**PROVIDED RECORDS**
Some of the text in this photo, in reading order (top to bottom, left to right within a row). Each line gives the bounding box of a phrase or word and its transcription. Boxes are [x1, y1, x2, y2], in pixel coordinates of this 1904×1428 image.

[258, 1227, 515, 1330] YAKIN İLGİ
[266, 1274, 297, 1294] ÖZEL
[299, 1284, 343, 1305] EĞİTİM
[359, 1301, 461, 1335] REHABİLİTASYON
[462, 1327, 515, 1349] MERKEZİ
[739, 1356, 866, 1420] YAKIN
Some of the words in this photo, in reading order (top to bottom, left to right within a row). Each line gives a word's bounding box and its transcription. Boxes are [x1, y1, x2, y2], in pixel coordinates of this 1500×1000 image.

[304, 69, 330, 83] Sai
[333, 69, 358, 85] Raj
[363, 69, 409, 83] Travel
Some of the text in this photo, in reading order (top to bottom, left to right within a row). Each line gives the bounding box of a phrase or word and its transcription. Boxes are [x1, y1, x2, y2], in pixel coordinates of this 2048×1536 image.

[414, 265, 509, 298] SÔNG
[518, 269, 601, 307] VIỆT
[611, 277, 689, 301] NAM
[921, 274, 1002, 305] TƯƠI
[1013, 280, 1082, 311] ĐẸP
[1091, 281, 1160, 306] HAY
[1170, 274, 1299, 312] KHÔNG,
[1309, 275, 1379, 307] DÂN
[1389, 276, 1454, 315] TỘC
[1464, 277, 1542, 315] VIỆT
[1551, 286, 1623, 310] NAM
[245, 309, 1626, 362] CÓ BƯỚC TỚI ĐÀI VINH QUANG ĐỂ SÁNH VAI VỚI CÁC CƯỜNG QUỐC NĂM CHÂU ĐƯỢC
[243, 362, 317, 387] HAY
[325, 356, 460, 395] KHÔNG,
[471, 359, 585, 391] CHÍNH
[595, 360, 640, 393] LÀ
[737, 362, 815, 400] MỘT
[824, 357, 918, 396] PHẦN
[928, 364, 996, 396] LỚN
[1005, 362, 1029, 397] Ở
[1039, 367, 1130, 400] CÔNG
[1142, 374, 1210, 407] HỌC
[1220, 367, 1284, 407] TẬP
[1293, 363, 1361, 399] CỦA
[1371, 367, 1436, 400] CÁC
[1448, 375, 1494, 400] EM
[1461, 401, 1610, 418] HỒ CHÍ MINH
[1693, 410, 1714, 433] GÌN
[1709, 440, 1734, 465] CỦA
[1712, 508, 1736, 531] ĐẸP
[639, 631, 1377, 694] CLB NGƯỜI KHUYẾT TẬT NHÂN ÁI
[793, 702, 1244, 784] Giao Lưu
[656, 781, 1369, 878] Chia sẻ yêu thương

**WHAT YOU WILL DO**
Set down every record above exactly as given.

**SOLUTION FOR THIS EXERCISE**
Some of the text in this photo, in reading order (top to bottom, left to right within a row). Each line gives the bounding box of a phrase or word and its transcription. Boxes are [x1, y1, x2, y2], in pixel coordinates of this 1904×1428 image.

[258, 1227, 515, 1330] YAKIN İLGİ
[266, 1274, 297, 1294] ÖZEL
[299, 1284, 343, 1305] EĞİTİM
[359, 1301, 461, 1335] REHABİLİTASYON
[462, 1327, 515, 1349] MERKEZİ
[739, 1356, 866, 1420] YAKIN
Some of the words in this photo, in reading order (top to bottom, left to right within a row). Each line gives a word's bounding box and its transcription. Boxes are [x1, y1, x2, y2], in pixel coordinates of this 1500×1000 image.

[304, 69, 330, 83] Sai
[333, 69, 358, 85] Raj
[363, 69, 409, 83] Travel
Some of the text in this photo, in reading order (top to bottom, left to right within a row). Each line gives the bounding box of a phrase or word and its transcription. Boxes are [x1, y1, x2, y2], in pixel coordinates of this 2048×1536 image.

[414, 265, 509, 298] SÔNG
[518, 269, 601, 307] VIỆT
[611, 277, 689, 301] NAM
[921, 274, 1002, 305] TƯƠI
[1013, 280, 1082, 311] ĐẸP
[1091, 281, 1160, 306] HAY
[1170, 274, 1299, 312] KHÔNG,
[1309, 275, 1379, 307] DÂN
[1389, 276, 1454, 315] TỘC
[1464, 277, 1542, 315] VIỆT
[1551, 286, 1623, 310] NAM
[245, 309, 1626, 362] CÓ BƯỚC TỚI ĐÀI VINH QUANG ĐỂ SÁNH VAI VỚI CÁC CƯỜNG QUỐC NĂM CHÂU ĐƯỢC
[243, 362, 317, 387] HAY
[325, 356, 460, 395] KHÔNG,
[471, 359, 585, 391] CHÍNH
[595, 360, 640, 393] LÀ
[737, 362, 815, 400] MỘT
[824, 357, 918, 396] PHẦN
[928, 364, 996, 396] LỚN
[1005, 362, 1029, 397] Ở
[1039, 367, 1130, 400] CÔNG
[1142, 374, 1210, 407] HỌC
[1220, 367, 1284, 407] TẬP
[1293, 363, 1361, 399] CỦA
[1371, 367, 1436, 400] CÁC
[1448, 375, 1494, 400] EM
[1461, 401, 1610, 418] HỒ CHÍ MINH
[1693, 410, 1714, 433] GÌN
[1709, 440, 1734, 465] CỦA
[1712, 508, 1736, 531] ĐẸP
[639, 631, 1377, 694] CLB NGƯỜI KHUYẾT TẬT NHÂN ÁI
[793, 702, 1244, 784] Giao Lưu
[656, 781, 1369, 878] Chia sẻ yêu thương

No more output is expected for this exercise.